What is a teratogen?

A teratogen is an agent that can cause or increase the chance of a birth defect. It is usually something in the environment that the mother may be exposed to during her pregnancy. It could be a prescribed medication, a street drug, alcohol use, chemical exposure, or an infection present in the mother, which could increase the chance for a baby to be born with a birth defect.

What are the most sensitive periods for teratogens in pregnancy?

Once the egg is fertilized (conception), it takes about six to nine days for implantation (anchoring into the uterus) to occur. Once the fertilized egg is attached to the uterus, a common blood supply exists between the mother and the embryo. In other words, if something is in the mother's blood, it can now cross over to the developing fetus. Teratogens are thought to have the ability to begin affecting the fetus about 10 to14 days after conception.

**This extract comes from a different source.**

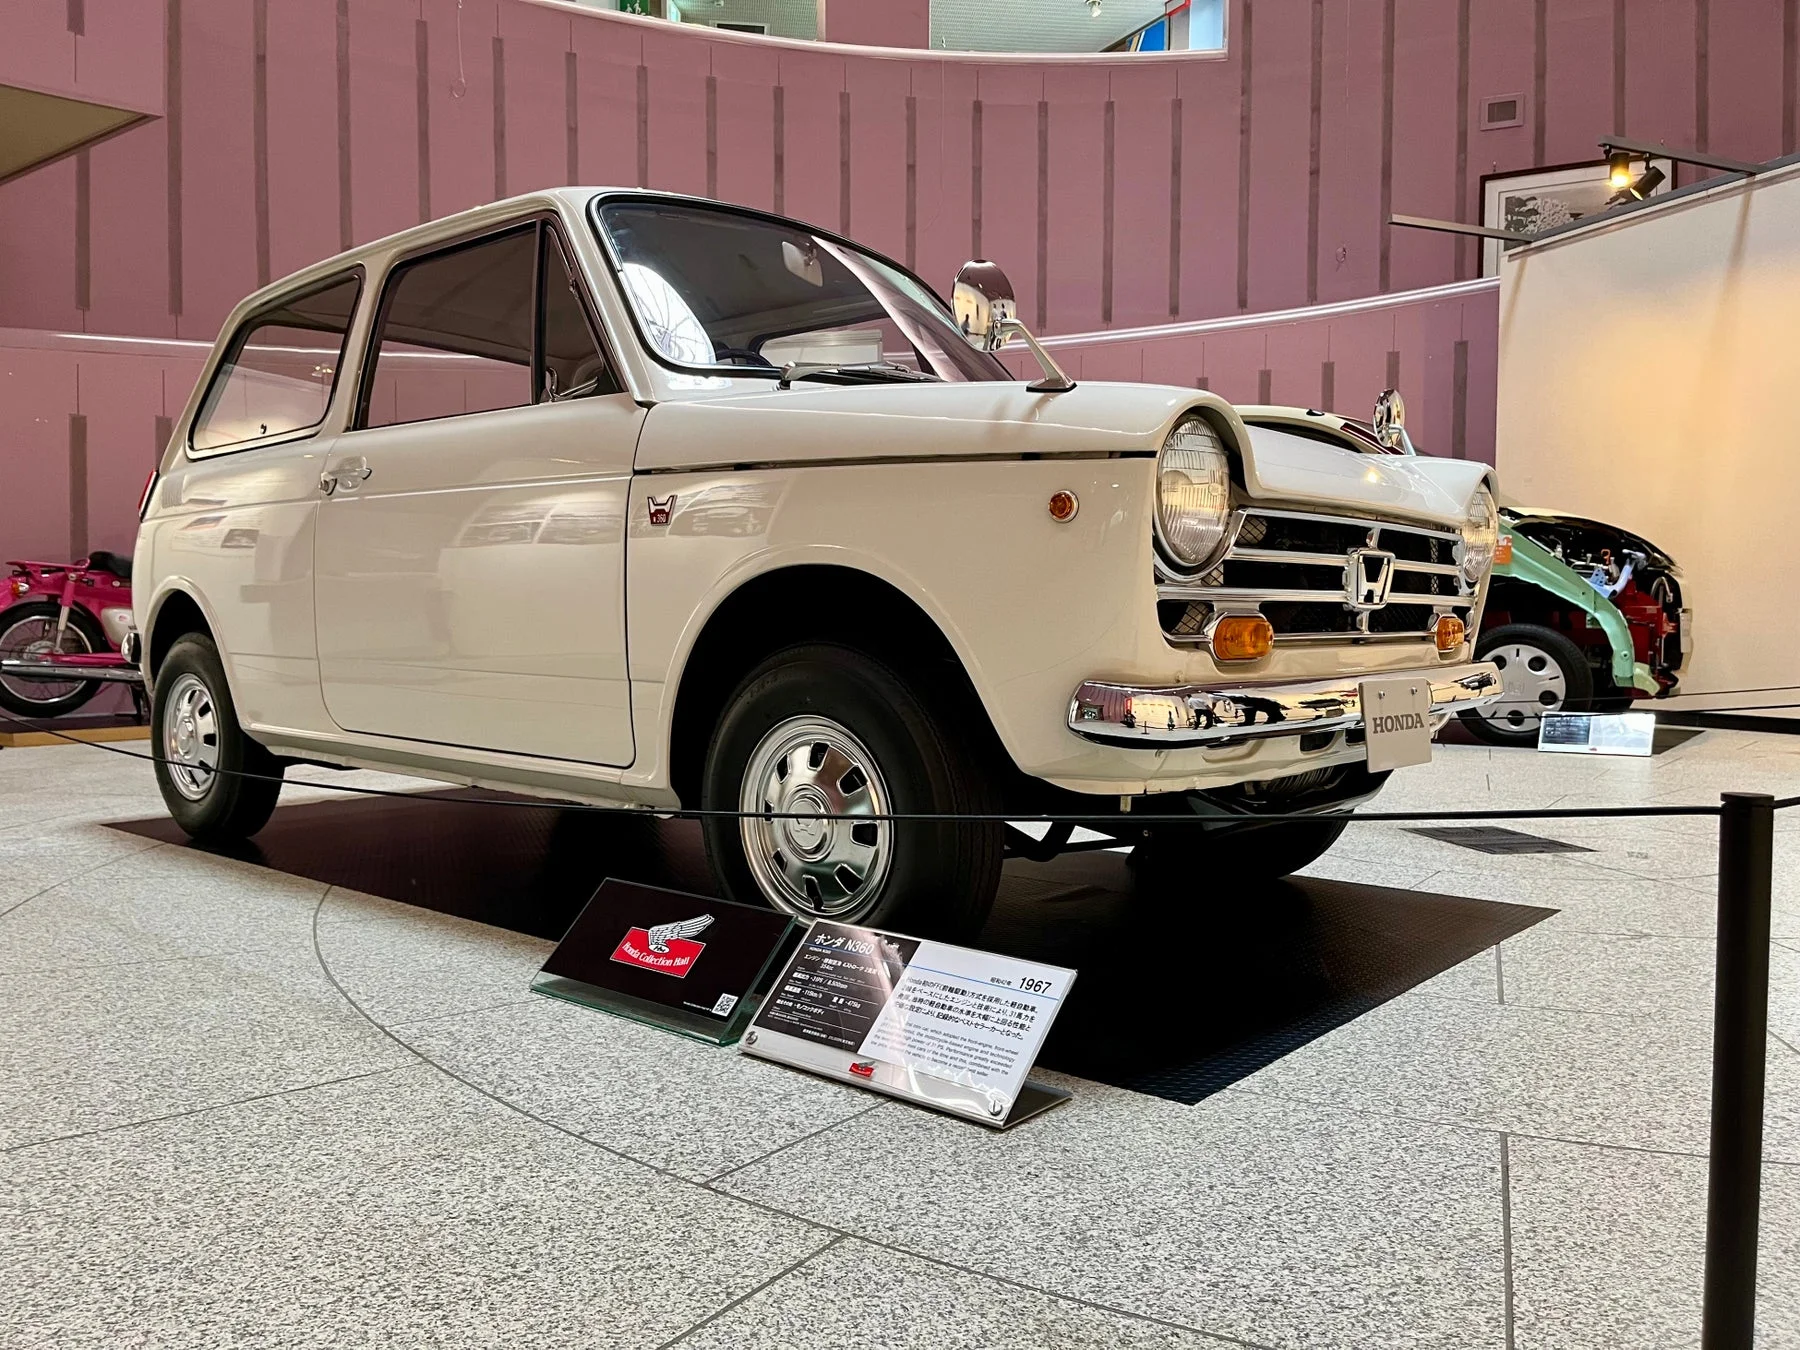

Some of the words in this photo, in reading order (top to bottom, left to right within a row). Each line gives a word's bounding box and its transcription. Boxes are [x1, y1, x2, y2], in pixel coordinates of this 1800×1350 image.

During the development of a baby, there are certain internal organs forming at certain times. If a teratogen has the potential to interfere with the closure of the neural tube, for example, the exposure to the teratogen must occur in the first 3.5 to 4.5 weeks of the pregnancy (since this is when the neural tube closes in a fetus). There are some organ systems that are sensitive to teratogens throughout the entire pregnancy, such as the central nervous system. The central nervous system includes the baby's brain and spine. One teratogen that affects the central nervous system is alcohol. Alcohol use, at any time during the pregnancy, has the potential to cause birth defects and health problems in a baby, since the central nervous system is sensitive to teratogens the entire nine months of gestation. This is why alcohol consumption should be completely avoided during pregnancy.